Jo vendía las pinturas una a una, escogiendo a los compradores, y prestaba las demás para exposiciones. Necesitaba a la vez pagar su sustento y no soltar el núcleo de la colección. Cuando llegó la enorme oferta, preparaba para su publicación las cartas de Vincent: el público debía conocer a un artista al que pocos habían conocido en vida. Vender todas las obras habría frustrado ese propósito. Jo rechazó a de Bois serena y definitivamente.
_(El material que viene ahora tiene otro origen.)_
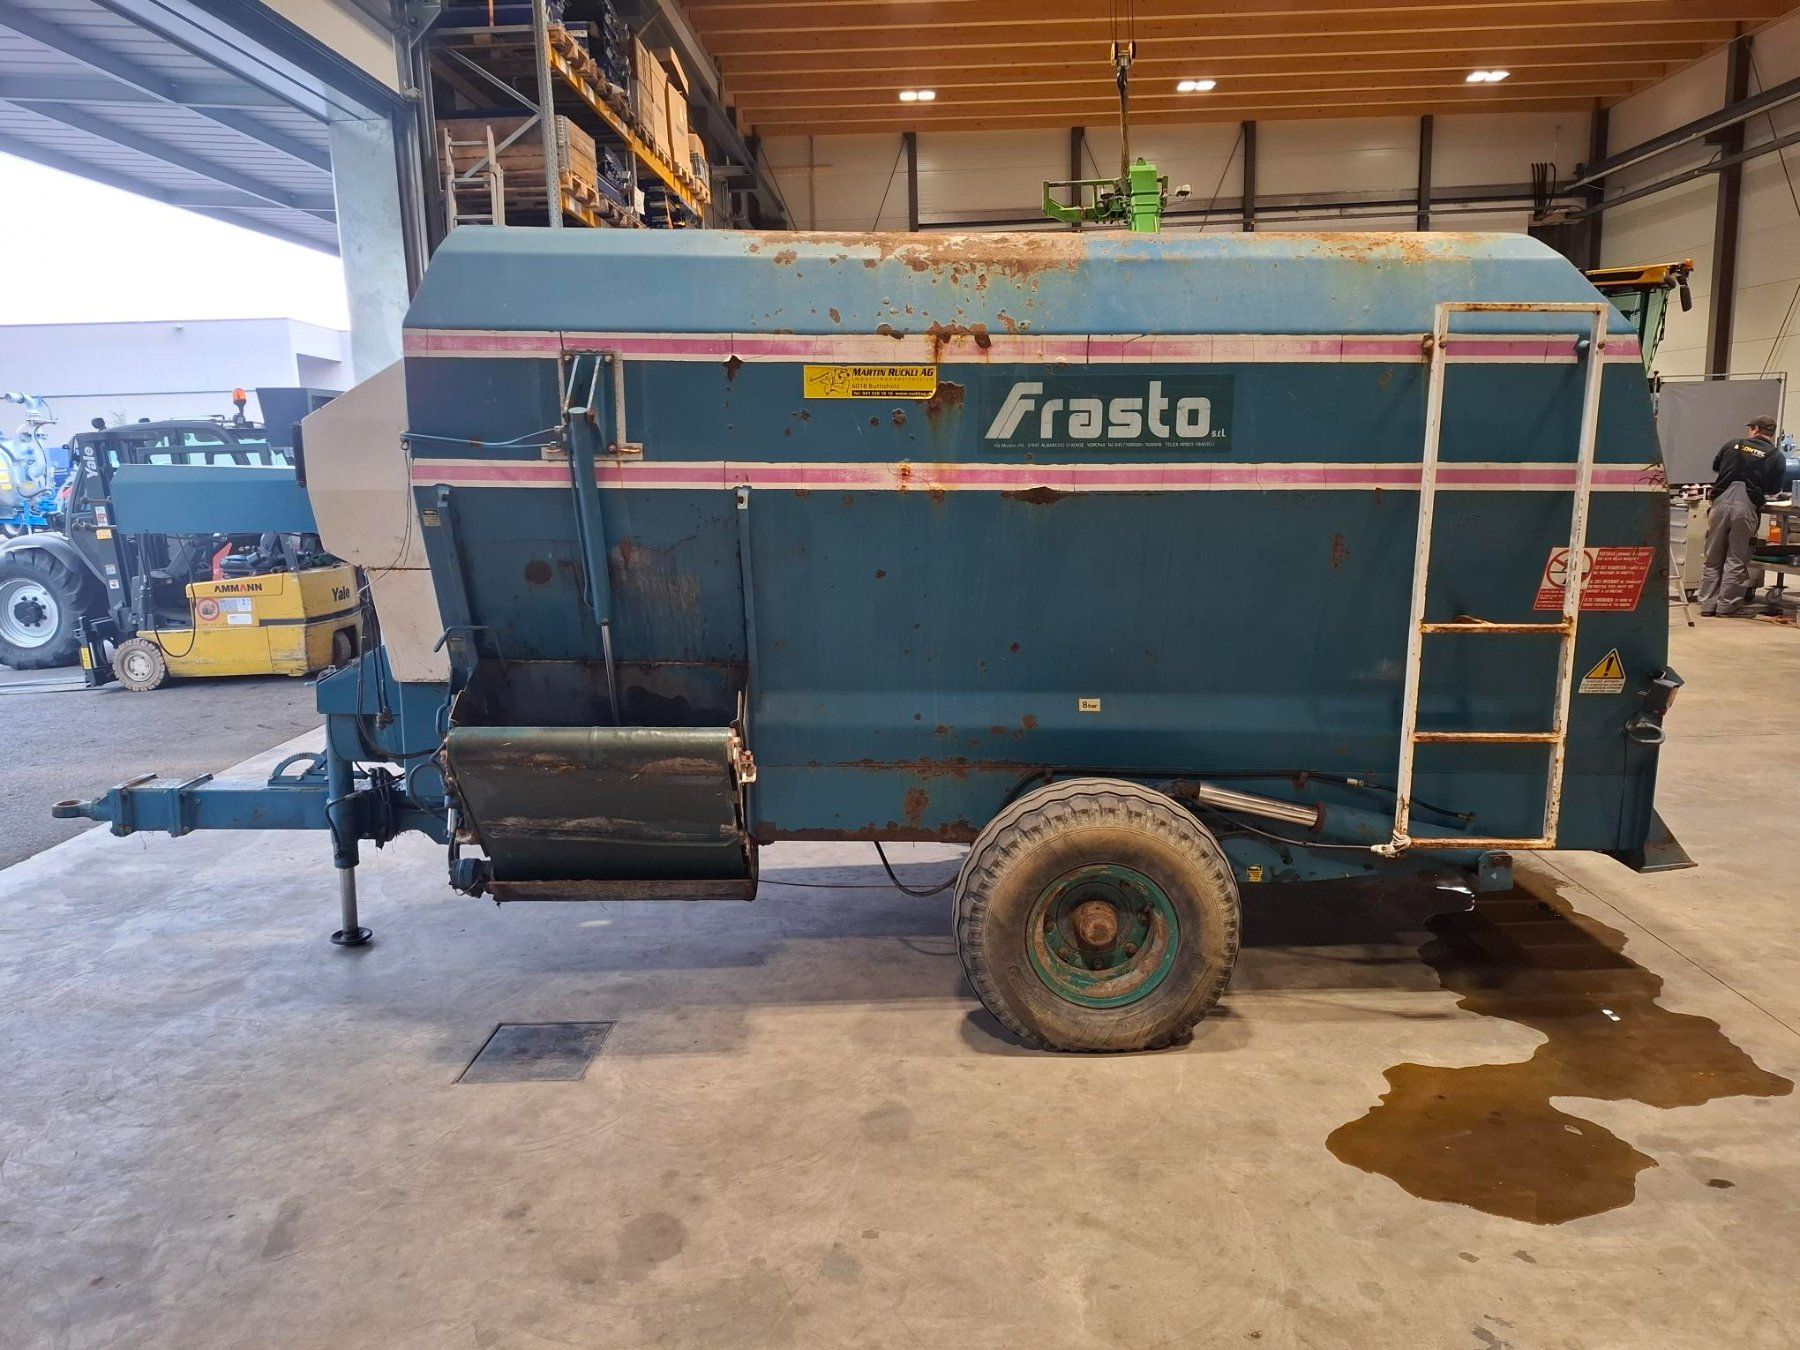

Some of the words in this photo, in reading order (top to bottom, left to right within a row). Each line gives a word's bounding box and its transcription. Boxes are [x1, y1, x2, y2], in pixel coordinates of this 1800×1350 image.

[852, 368, 886, 377] MARTIN
[920, 368, 934, 377] AG
[82, 446, 98, 479] Yale
[213, 582, 263, 594] AMMANN
[331, 585, 350, 602] Yale
Tras su muerte, la colección pasó a su hijo, Vincent Willem van Gogh, ingeniero y sobrino del artista. Veinte lienzos célebres colgaban en su casa; los demás se guardaban en un trastero acondicionado o estaban en exposición de larga duración en el vecino Museo Stedelijk. El ingeniero comprendía que, tras su muerte, habría que vender parte de las obras para pagar el impuesto de sucesiones y que el resto se repartiría entre sus tres hijos.
En mil novecientos sesenta fundó la Fundación Vincent van Gogh para evitarlo. Dos años después, el Estado pagó la transferencia de la colección familiar a la fundación y se comprometió a construir para ella un museo independiente. Los hijos del ingeniero renunciaron a su futura herencia, y Ámsterdam proporcionó el solar aquí, en Museumplein, junto al Museo Stedelijk, donde las pinturas ya se mostraban al público. El museo abrió el dos de junio de mil novecientos setenta y tres.
La fundación sigue siendo propietaria del núcleo de la colección y lo cede al museo para su uso permanente: unas doscientas pinturas, quinientos dibujos y más de ochocientas cartas. Entre ellos permanecen obras y documentos que Jo se negó a entregar íntegramente a un solo comprador.
Información práctica
El horario cambia según los meses: en 2026, la mayoría de las veces de 09:00 a 18:00, muchos viernes hasta las 21:00; es obligatoria una entrada con hora determinada.
Comprobado: 28 de junio de 2026. Comprueba la fuente oficial antes de visitar.La historia puede escucharse desde fuera: trata ante todo de la creación de la colección y del museo. Para conocer las pinturas y las cartas será necesaria una visita independiente.